Ketika kami di Holland, di rumah seorang teman lama Koko, kami sempat menyewa
perahu dan berdua berperahu di tali-air yang begitu banyak di Holland. Koko
mengayuh, terkadang pakai mesin-motor, sedangkan aku mengendalikan kemudi.
Kami duduknya berhadapan, saling bisa memandang muka. Dan ketika hampir saja
akan ke pinggir dan menubruk tepian, cepat Koko memerintahkan, "ke
kiri-----, kiri cepat". Tapi karena aku hanya mendengar perintah itu
saja, sedangkan kami berhadapan, bagaimana akan tahu kiri dan kanannya karena
akan saling bertentangan, sebab kami berhadapan. Kiri dia bukankah kanan
saya, dan sebaliknya. Maka perahu itupun menubruk tepian. Bukan main
marahnya Koko kepadaku.

"Bagaimana revolusi mau menang kalau cara kerja begini saja sampeyan sudah
salah besar! Bagaimana partai punya kader seperti sampeyan ini, rata-rata di
bawah minimum, hancurlah revolusi dibuatnya! Ini pencerminan dari partai
kita dulu itu! Kadernya pada bego, maka beginilah kita, kalah
melulu!", katanya terus merepet ngomel. Dan aku sementara diam saja.

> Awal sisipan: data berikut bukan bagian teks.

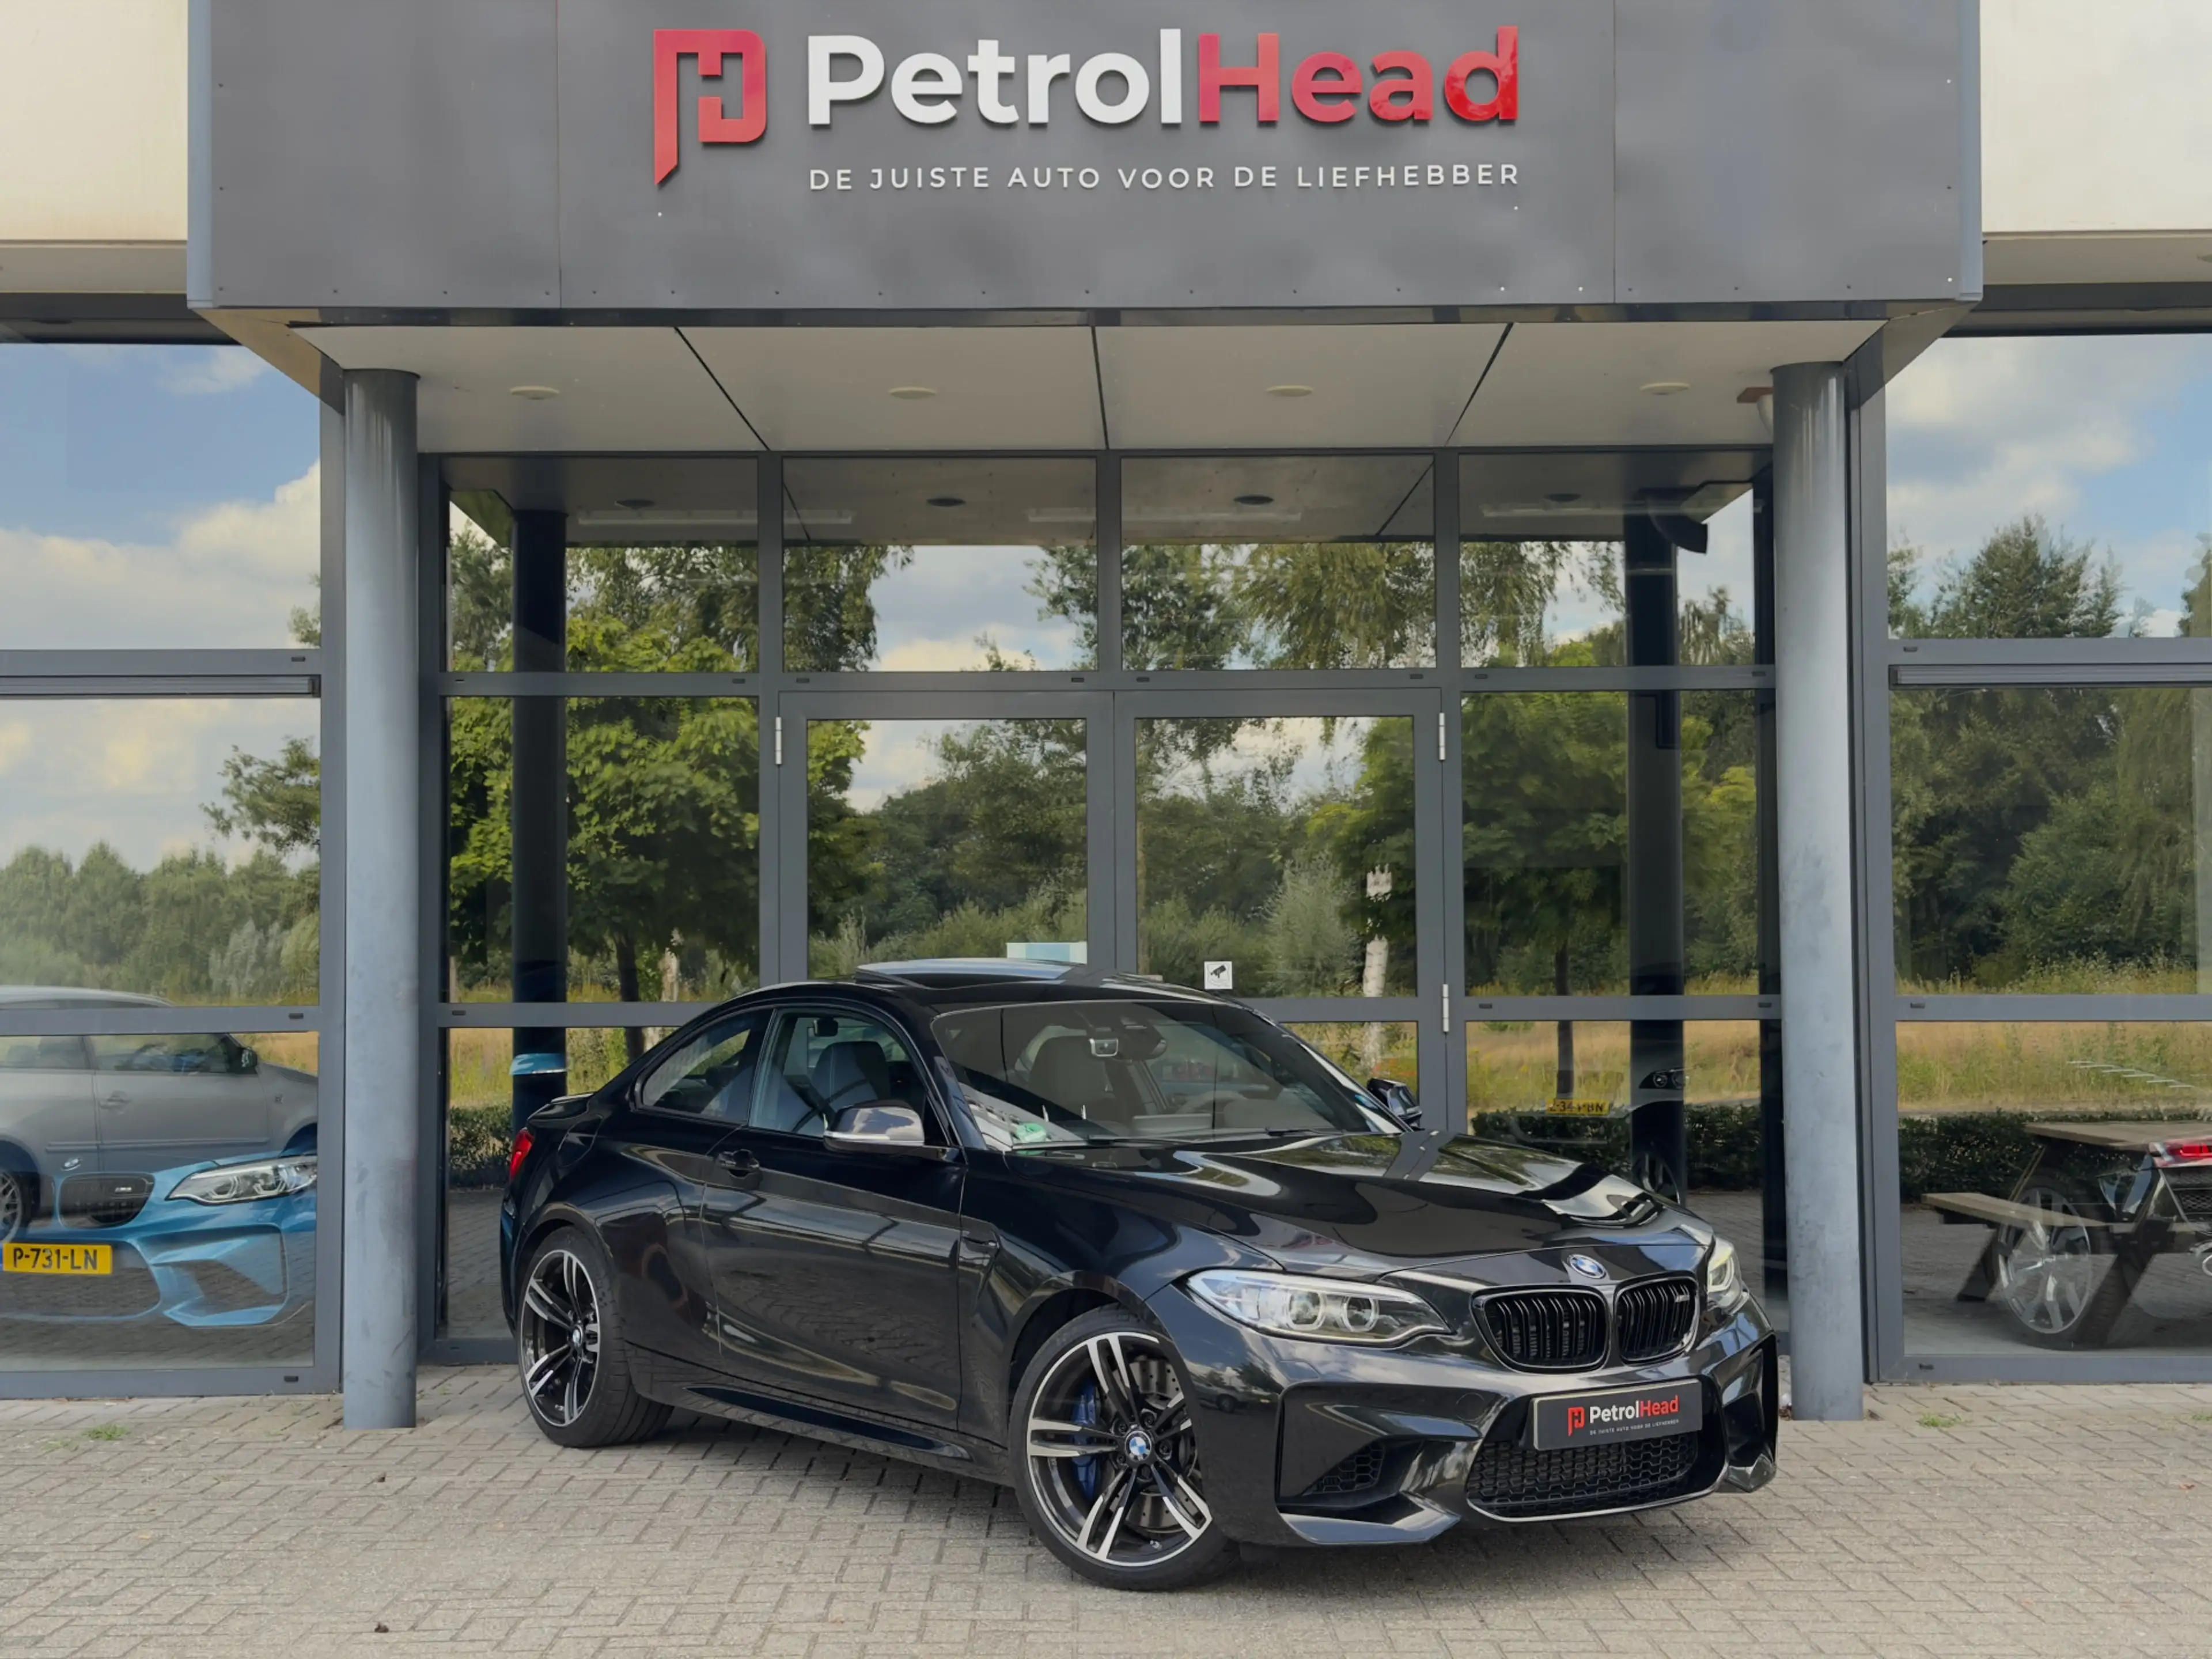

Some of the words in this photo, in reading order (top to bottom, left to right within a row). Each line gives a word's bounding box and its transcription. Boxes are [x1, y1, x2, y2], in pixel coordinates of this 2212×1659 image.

Tapi
sudah mulai panas juga dibuatnya. Karena dia
menuduhku kader bego, di bawah minimum. Yang aku mau
klarkan, klarifikasikan, perkara ini, perkara kader tadi itu.

Dan aku minta "berlabuh" di tengah sungai yang lebarnya beberapa meter itu.

"Tidak perlu", katanya.
"Sangat perlu", kataku.
"Lantas sampeyan mau apa?", katanya.
"Aku mau menjelaskan, kenapa sampeyan sampai terpikir soal revolusi
segala, kalah melulu segala, padahal hanya soal nubruk tepian begini saja.
Lalu kalau sampeyan mau tanya, saya mau apa, semua apa dan bagaimana saya mau
untuk ini. Apa saja mau, dari halus-halusan sampai yang paling kasar
sekalipun", kataku sangat sukar menahan kemarahan.
Rupanya dia tersentak juga mendengarkan ini. Kujelaskan agar dia tahu, bahwa
aku tak pernah jadi kader seperti dia. Aku tak pernah jadi pimpinan apapun.
Di Lekra-pun aku hanya anggota biasa, samasekali tak pernah jadi pimpinan
apapun, anggota pleno apapun. Apalagi di partai dan ormasnya, samasekali tak
pernah. Aku bergerak di badan persahabatan, itu benar. Ketika Prof Prijono
jadi ketua Lembaga Persahabatan Indonesia-Tiongkok, aku jadi sekretarisnya.
Juga ketika Pak Djawoto ketua Lembaga itu, akupun sempat jadi sekretarisnya.
Juga ketika Henk Ngantung, yang gubernur DKI Jakarta-Raya, akupun sempat jadi
sekretarisnya. Dan menurutku badan Lembaga Persahabatan itu tak ada
bau-baunya secara langsung akan mempengaruhi jalannya revolusi! Ini yang
akau mau klarkan dengan Koko, agar dia tidak lagi sembarangan ngomong.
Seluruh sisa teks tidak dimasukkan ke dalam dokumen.